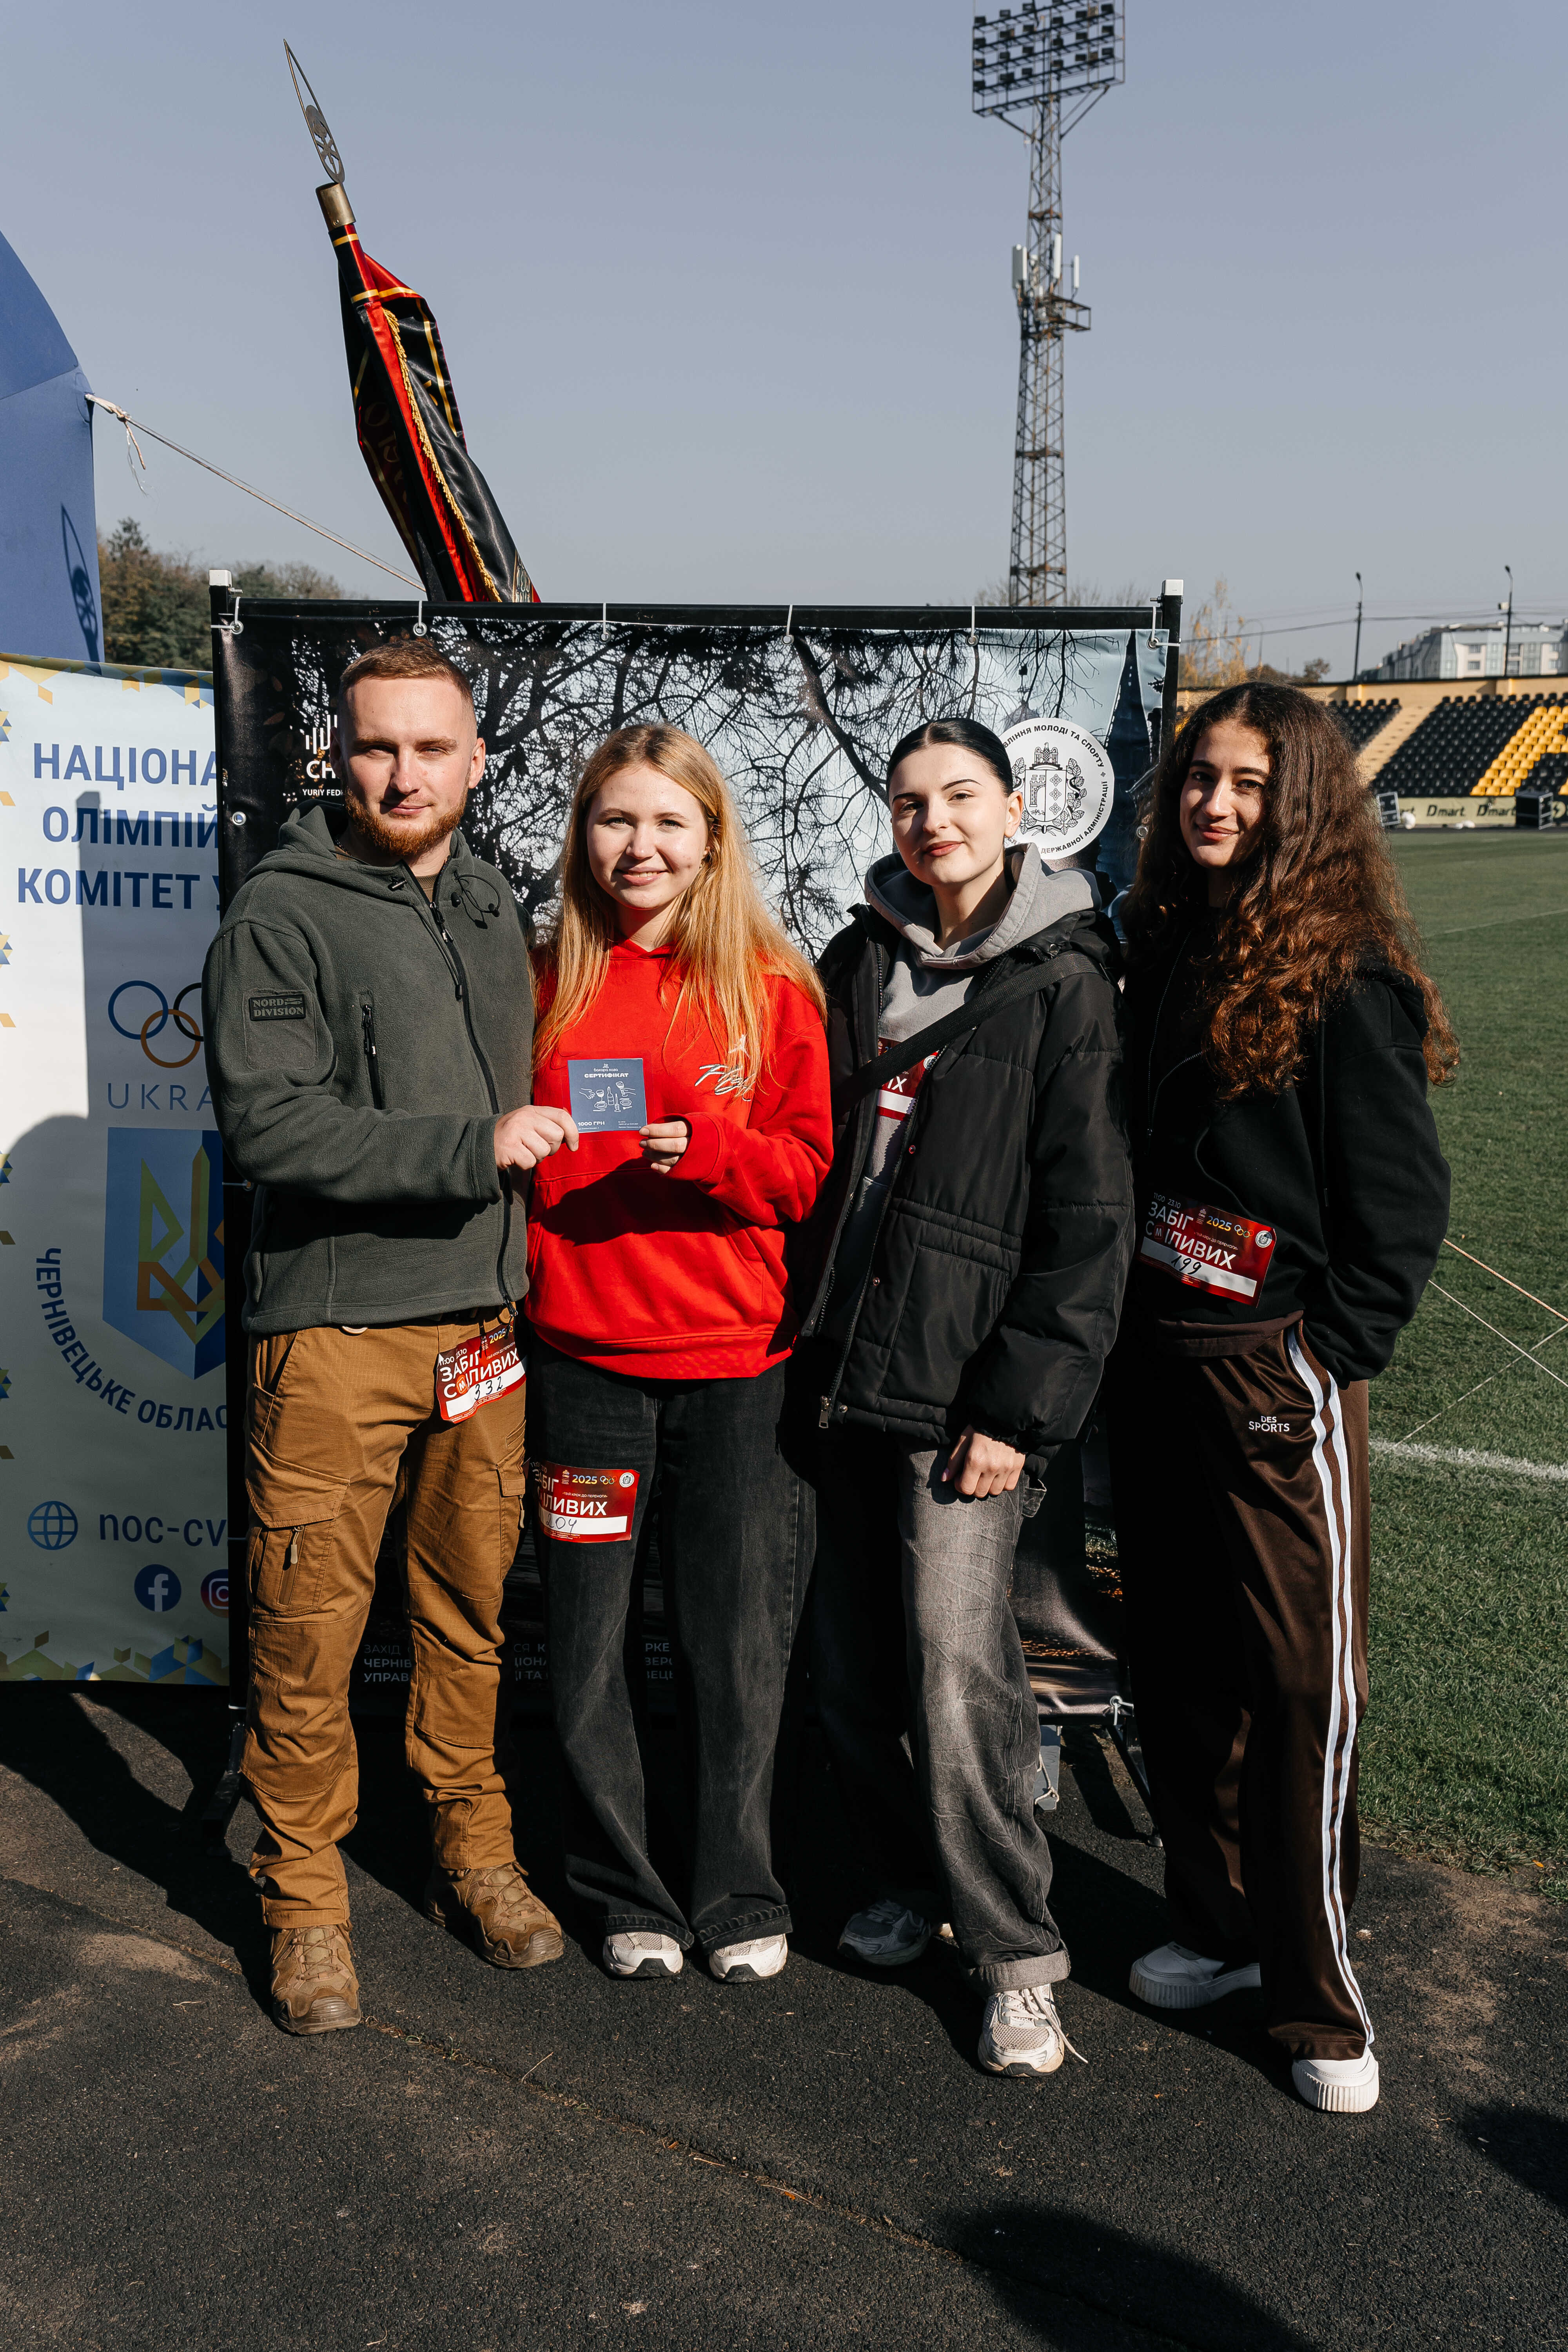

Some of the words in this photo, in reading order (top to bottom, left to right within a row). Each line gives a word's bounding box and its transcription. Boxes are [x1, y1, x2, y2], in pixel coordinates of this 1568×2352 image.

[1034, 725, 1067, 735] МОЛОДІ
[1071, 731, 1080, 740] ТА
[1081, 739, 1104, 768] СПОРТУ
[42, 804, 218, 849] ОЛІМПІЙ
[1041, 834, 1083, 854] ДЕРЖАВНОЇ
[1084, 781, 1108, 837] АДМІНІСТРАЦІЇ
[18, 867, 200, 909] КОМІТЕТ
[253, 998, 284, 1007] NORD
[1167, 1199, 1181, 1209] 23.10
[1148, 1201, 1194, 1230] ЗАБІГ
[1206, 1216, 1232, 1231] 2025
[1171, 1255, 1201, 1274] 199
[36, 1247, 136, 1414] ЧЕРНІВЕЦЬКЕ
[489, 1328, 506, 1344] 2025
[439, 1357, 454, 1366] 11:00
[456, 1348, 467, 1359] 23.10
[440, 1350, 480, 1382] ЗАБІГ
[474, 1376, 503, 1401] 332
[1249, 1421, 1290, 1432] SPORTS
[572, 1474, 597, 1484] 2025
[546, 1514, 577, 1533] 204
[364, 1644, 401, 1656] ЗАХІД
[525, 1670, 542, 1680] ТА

#### EXERCISE:
All the records above must be retyped exactly, except for their pictures.

#### REPLY:
Some of the words in this photo, in reading order (top to bottom, left to right within a row). Each line gives a word's bounding box and its transcription. Boxes are [x1, y1, x2, y2], in pixel coordinates of this 1568×2352 image.

[1034, 725, 1067, 735] МОЛОДІ
[1071, 731, 1080, 740] ТА
[1081, 739, 1104, 768] СПОРТУ
[42, 804, 218, 849] ОЛІМПІЙ
[1041, 834, 1083, 854] ДЕРЖАВНОЇ
[1084, 781, 1108, 837] АДМІНІСТРАЦІЇ
[18, 867, 200, 909] КОМІТЕТ
[253, 998, 284, 1007] NORD
[1167, 1199, 1181, 1209] 23.10
[1148, 1201, 1194, 1230] ЗАБІГ
[1206, 1216, 1232, 1231] 2025
[1171, 1255, 1201, 1274] 199
[36, 1247, 136, 1414] ЧЕРНІВЕЦЬКЕ
[489, 1328, 506, 1344] 2025
[439, 1357, 454, 1366] 11:00
[456, 1348, 467, 1359] 23.10
[440, 1350, 480, 1382] ЗАБІГ
[474, 1376, 503, 1401] 332
[1249, 1421, 1290, 1432] SPORTS
[572, 1474, 597, 1484] 2025
[546, 1514, 577, 1533] 204
[364, 1644, 401, 1656] ЗАХІД
[525, 1670, 542, 1680] ТА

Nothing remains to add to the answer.